-- Supplied material follows --

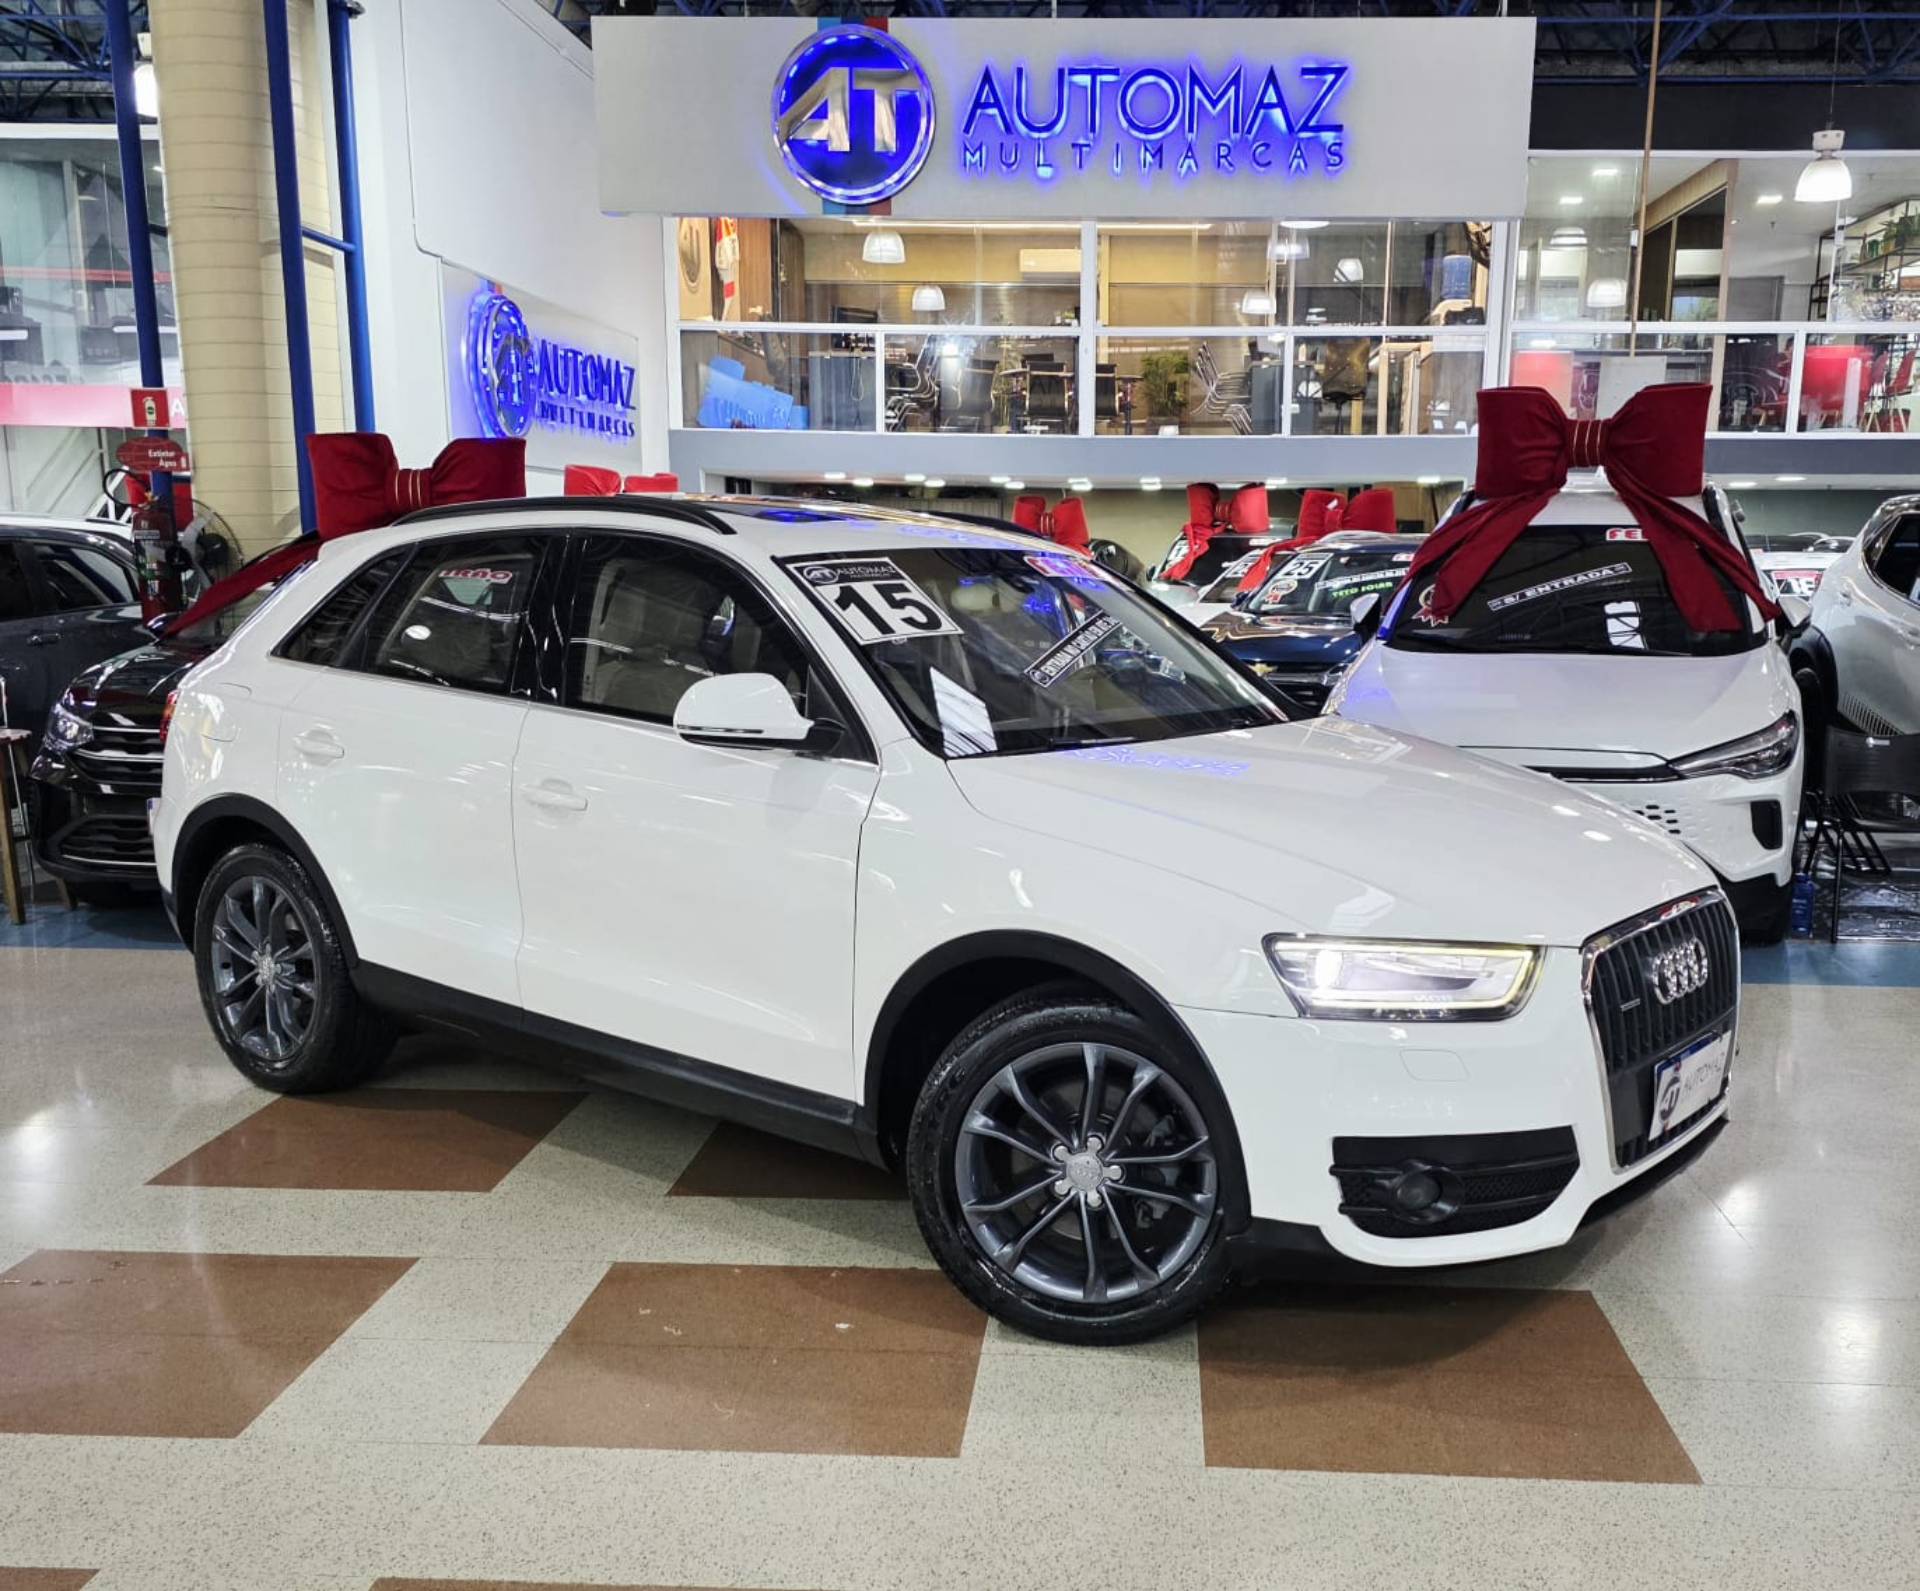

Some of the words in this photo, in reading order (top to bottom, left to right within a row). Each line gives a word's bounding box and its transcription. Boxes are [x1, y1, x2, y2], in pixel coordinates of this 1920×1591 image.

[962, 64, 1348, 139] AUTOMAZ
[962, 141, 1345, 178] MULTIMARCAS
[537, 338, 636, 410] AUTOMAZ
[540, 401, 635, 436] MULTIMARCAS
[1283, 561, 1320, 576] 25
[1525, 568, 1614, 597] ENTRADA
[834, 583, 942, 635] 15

-- Supplied material concluded --

Instructions for the task.
When you print the records above, keep them exact and leave out the pictures.

Task answer.
Some of the words in this photo, in reading order (top to bottom, left to right within a row). Each line gives a word's bounding box and its transcription. Boxes are [x1, y1, x2, y2], in pixel coordinates of this 1920×1591 image.

[962, 64, 1348, 139] AUTOMAZ
[962, 141, 1345, 178] MULTIMARCAS
[537, 338, 636, 410] AUTOMAZ
[540, 401, 635, 436] MULTIMARCAS
[1283, 561, 1320, 576] 25
[1525, 568, 1614, 597] ENTRADA
[834, 583, 942, 635] 15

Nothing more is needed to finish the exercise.